2A to 2C are diagrams for explaining the principle operation of the embodiment.

[Explanation of symbols]

 10, 12: Filter unit 14, 34: Mach-Zehnder type interferometer 16, 32: 1 × 2Y branch 18, 38: 2 × 1Y branch 20, 22, 40, 44: Connection waveguide 24, 26, 42, 46 : Arm 28, 40: Electrode 30, 50: Optical path length difference generator

Claims (1)

[Claims] 1. A plurality of filter sections connected in multiple stages, each filter section being formed by connecting a plurality of Mach-Zehnder interferors in multiple stages, each interferometer comprising a 1 × 2Y branch output and a 2 × 1Y branch.
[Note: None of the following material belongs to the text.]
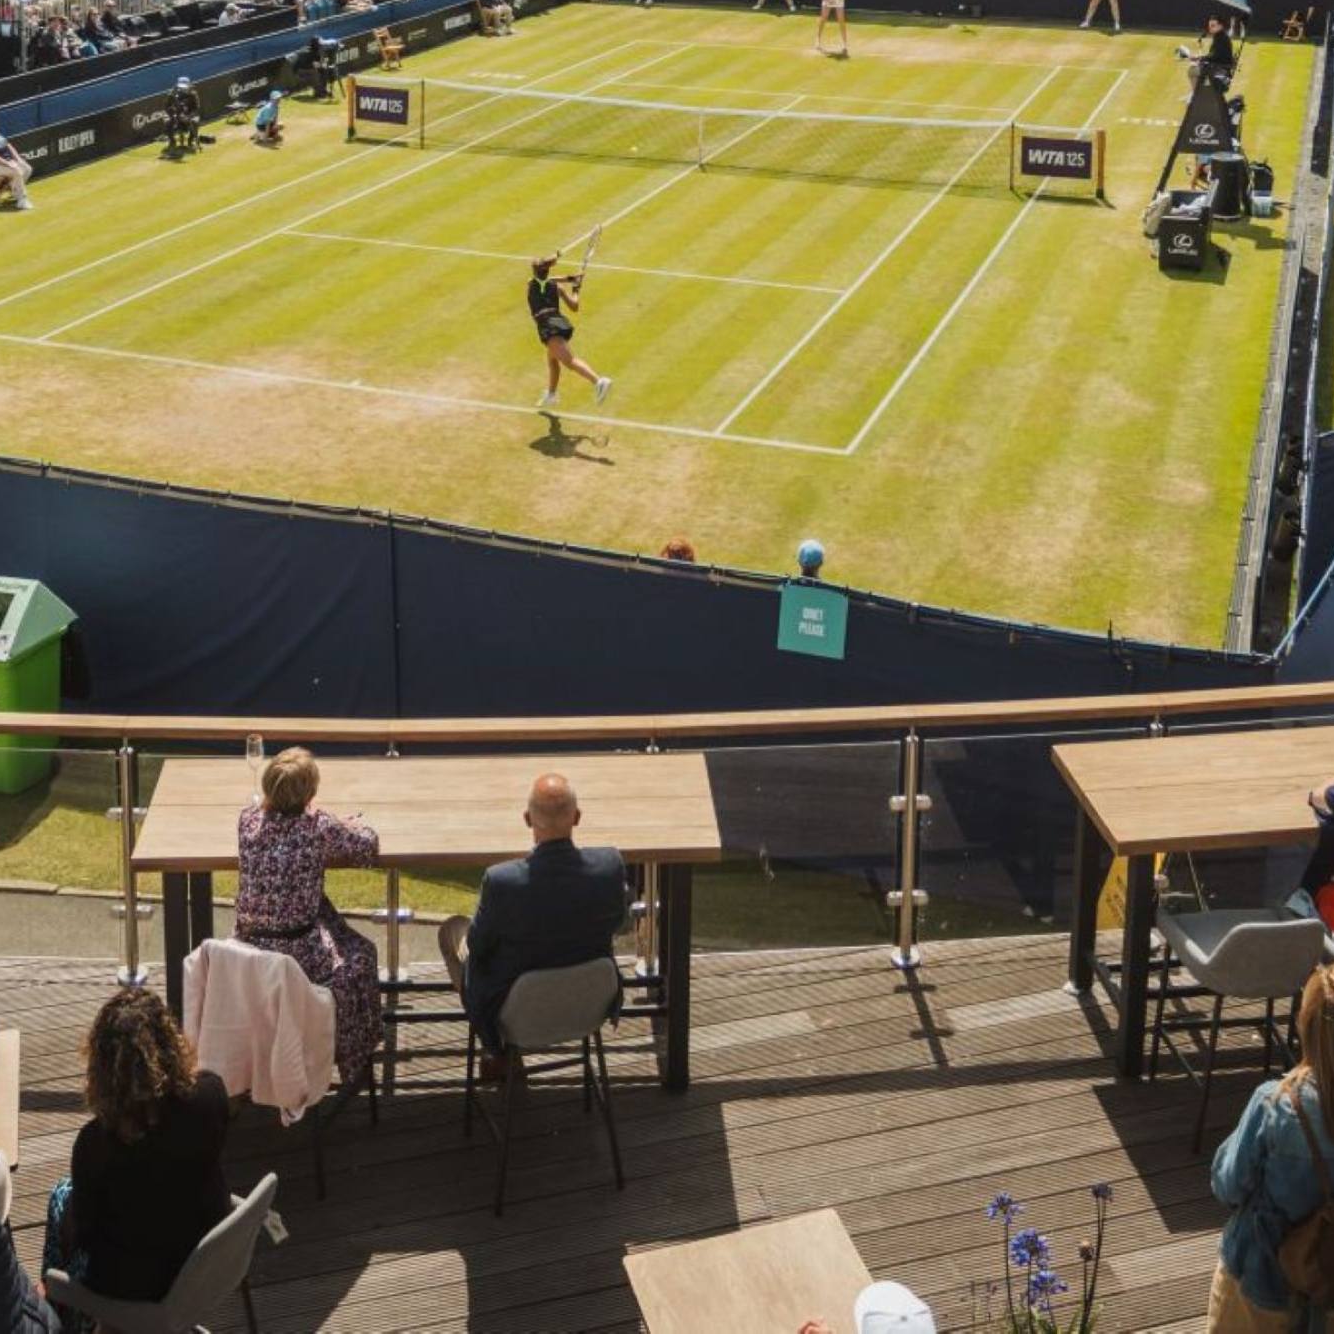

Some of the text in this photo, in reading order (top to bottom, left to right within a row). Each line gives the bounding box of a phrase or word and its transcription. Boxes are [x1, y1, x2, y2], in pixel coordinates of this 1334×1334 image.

[359, 96, 403, 114] WTA 125
[1028, 148, 1085, 167] WTA 125
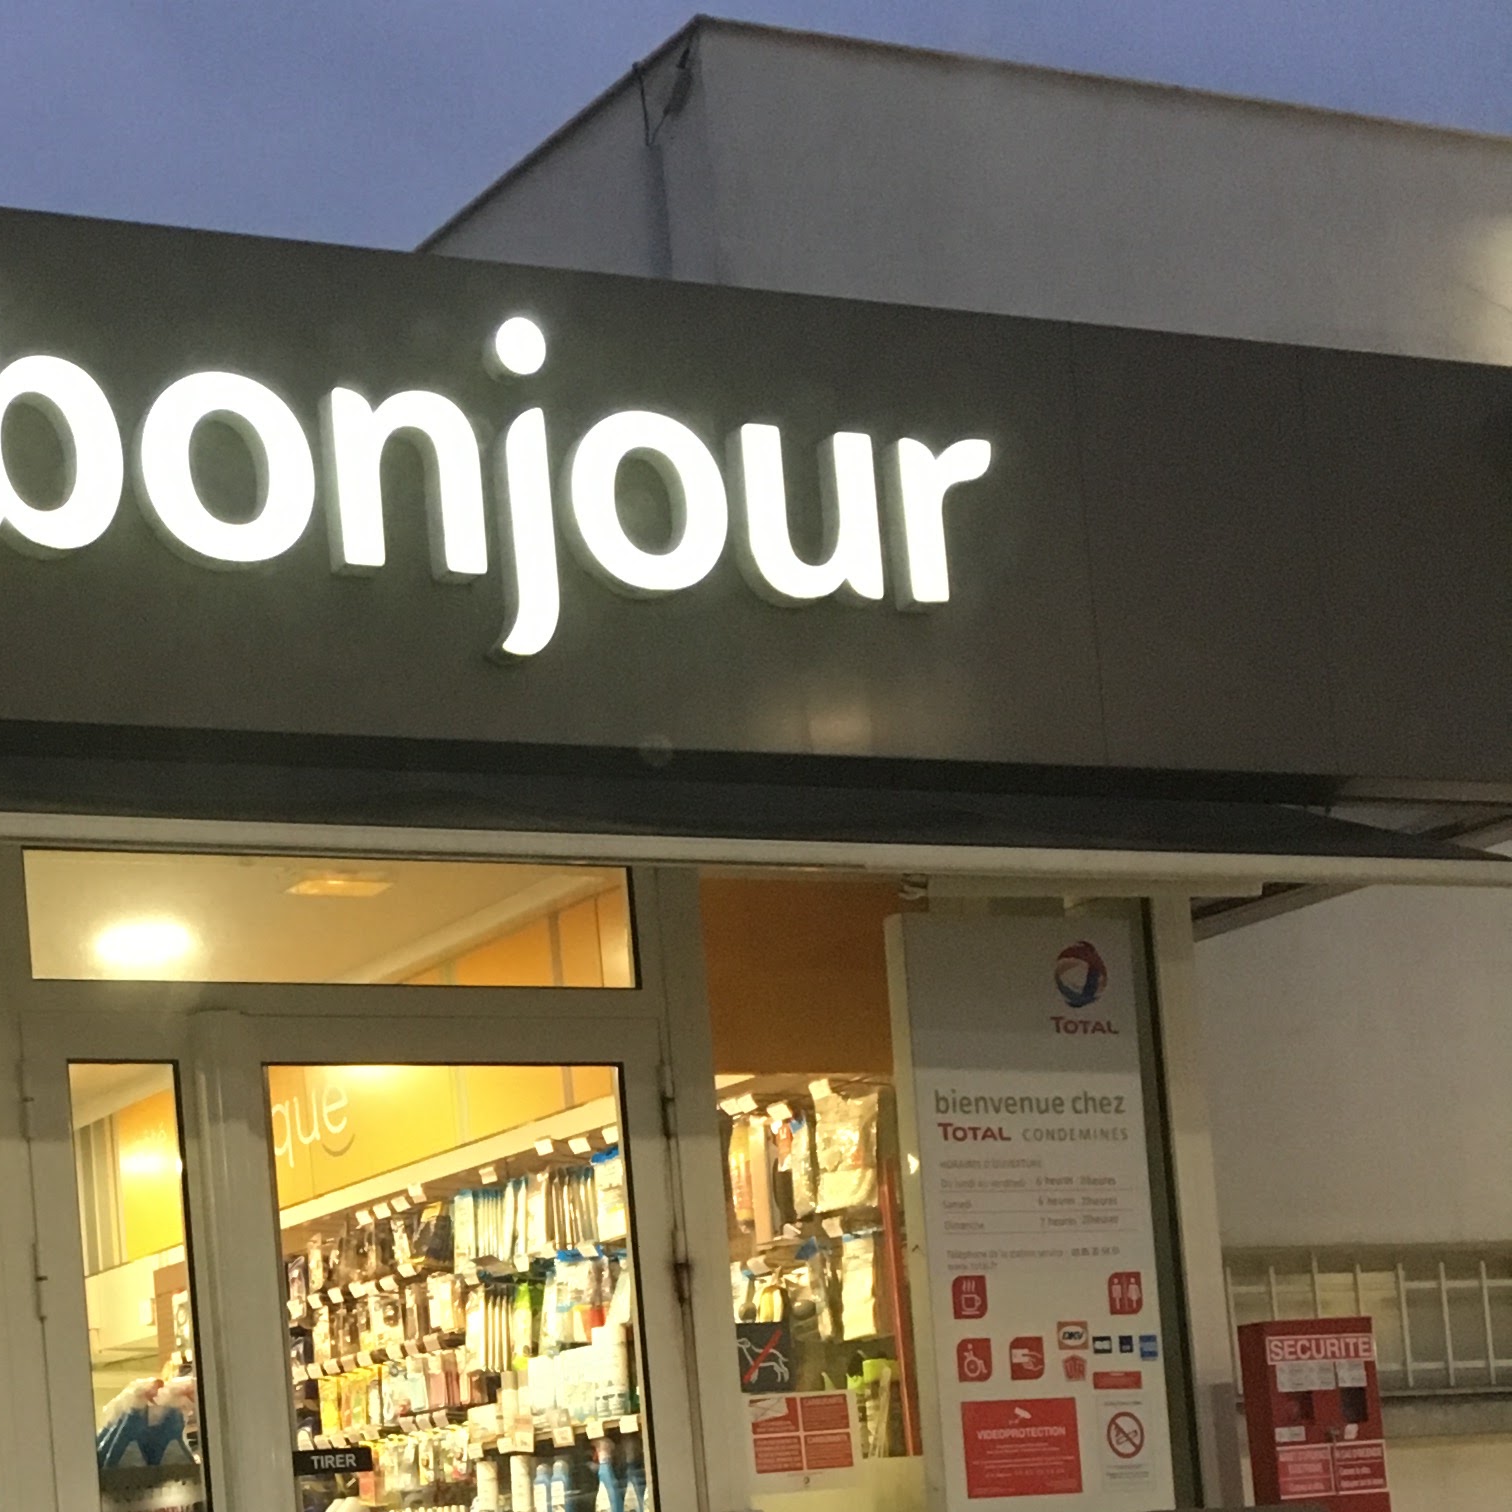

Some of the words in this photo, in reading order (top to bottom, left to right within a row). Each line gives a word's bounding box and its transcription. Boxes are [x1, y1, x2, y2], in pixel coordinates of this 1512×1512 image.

Two arms formed by coupling branch inputs through a connection waveguide, an electrode provided on one of the two arms to variably control the refractive index of the arm, and provided on the other of the two arms An optical path length difference generating section that gives a structural optical path length difference between these two arms is formed, and the electrode lengths L _e of the interferometers belonging to the same filter section form a geometric progression of a common ratio of 2. And the structural optical path length difference L of each interferometer belonging to the same filter unit.
The _o, electrode length ascending order of L _e varied so as to form a geometric progression of Oyakehi 2, each interferometer that belong to the same filter unit (electrode length L _e) /
A variable wavelength optical filter characterized in that a ratio represented by (structural optical path length difference L _o ) is made equal and the ratio is made different for each filter section.